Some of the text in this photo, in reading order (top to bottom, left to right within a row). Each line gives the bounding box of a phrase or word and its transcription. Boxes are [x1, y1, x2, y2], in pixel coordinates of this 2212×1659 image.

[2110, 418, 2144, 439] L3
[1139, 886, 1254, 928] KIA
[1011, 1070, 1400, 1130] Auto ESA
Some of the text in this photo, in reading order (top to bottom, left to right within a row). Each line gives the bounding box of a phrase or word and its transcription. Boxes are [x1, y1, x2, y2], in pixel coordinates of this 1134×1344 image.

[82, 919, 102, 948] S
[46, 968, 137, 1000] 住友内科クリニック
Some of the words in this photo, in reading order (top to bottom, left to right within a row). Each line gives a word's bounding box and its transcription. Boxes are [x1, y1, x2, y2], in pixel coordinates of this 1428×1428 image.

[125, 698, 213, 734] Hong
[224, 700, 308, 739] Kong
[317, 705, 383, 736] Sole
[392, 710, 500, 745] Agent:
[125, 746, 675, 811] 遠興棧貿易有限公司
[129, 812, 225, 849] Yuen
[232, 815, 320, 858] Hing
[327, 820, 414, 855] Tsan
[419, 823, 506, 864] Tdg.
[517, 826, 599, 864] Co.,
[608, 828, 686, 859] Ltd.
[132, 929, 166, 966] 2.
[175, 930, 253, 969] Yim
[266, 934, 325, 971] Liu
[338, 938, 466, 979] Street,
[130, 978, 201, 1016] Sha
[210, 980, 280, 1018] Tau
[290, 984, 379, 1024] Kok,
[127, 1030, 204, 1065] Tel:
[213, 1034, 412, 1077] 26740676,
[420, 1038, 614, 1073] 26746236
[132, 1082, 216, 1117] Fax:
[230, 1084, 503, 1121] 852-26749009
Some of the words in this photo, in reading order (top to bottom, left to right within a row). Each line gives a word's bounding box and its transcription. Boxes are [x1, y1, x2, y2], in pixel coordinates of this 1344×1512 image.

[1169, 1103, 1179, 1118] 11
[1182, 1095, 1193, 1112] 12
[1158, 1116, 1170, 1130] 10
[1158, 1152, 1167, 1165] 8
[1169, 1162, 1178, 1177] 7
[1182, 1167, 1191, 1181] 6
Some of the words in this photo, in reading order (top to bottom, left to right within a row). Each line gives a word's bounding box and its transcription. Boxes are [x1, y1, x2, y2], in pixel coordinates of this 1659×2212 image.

+--

* **TASK REQUIREMENTS**:
Line by line, write out the records above exactly.

* **ANSWER TO THE PROBLEM**:
Some of the text in this photo, in reading order (top to bottom, left to right within a row). Each line gives the bounding box of a phrase or word and its transcription. Boxes are [x1, y1, x2, y2], in pixel coordinates of this 2212×1659 image.

[2110, 418, 2144, 439] L3
[1139, 886, 1254, 928] KIA
[1011, 1070, 1400, 1130] Auto ESA
Some of the text in this photo, in reading order (top to bottom, left to right within a row). Each line gives the bounding box of a phrase or word and its transcription. Boxes are [x1, y1, x2, y2], in pixel coordinates of this 1134×1344 image.

[82, 919, 102, 948] S
[46, 968, 137, 1000] 住友内科クリニック
Some of the words in this photo, in reading order (top to bottom, left to right within a row). Each line gives a word's bounding box and its transcription. Boxes are [x1, y1, x2, y2], in pixel coordinates of this 1428×1428 image.

[125, 698, 213, 734] Hong
[224, 700, 308, 739] Kong
[317, 705, 383, 736] Sole
[392, 710, 500, 745] Agent:
[125, 746, 675, 811] 遠興棧貿易有限公司
[129, 812, 225, 849] Yuen
[232, 815, 320, 858] Hing
[327, 820, 414, 855] Tsan
[419, 823, 506, 864] Tdg.
[517, 826, 599, 864] Co.,
[608, 828, 686, 859] Ltd.
[132, 929, 166, 966] 2.
[175, 930, 253, 969] Yim
[266, 934, 325, 971] Liu
[338, 938, 466, 979] Street,
[130, 978, 201, 1016] Sha
[210, 980, 280, 1018] Tau
[290, 984, 379, 1024] Kok,
[127, 1030, 204, 1065] Tel:
[213, 1034, 412, 1077] 26740676,
[420, 1038, 614, 1073] 26746236
[132, 1082, 216, 1117] Fax:
[230, 1084, 503, 1121] 852-26749009
Some of the words in this photo, in reading order (top to bottom, left to right within a row). Each line gives a word's bounding box and its transcription. Boxes are [x1, y1, x2, y2], in pixel coordinates of this 1344×1512 image.

[1169, 1103, 1179, 1118] 11
[1182, 1095, 1193, 1112] 12
[1158, 1116, 1170, 1130] 10
[1158, 1152, 1167, 1165] 8
[1169, 1162, 1178, 1177] 7
[1182, 1167, 1191, 1181] 6
Some of the words in this photo, in reading order (top to bottom, left to right within a row). Each line gives a word's bounding box and its transcription. Boxes are [x1, y1, x2, y2], in pixel coordinates of this 1659×2212 image.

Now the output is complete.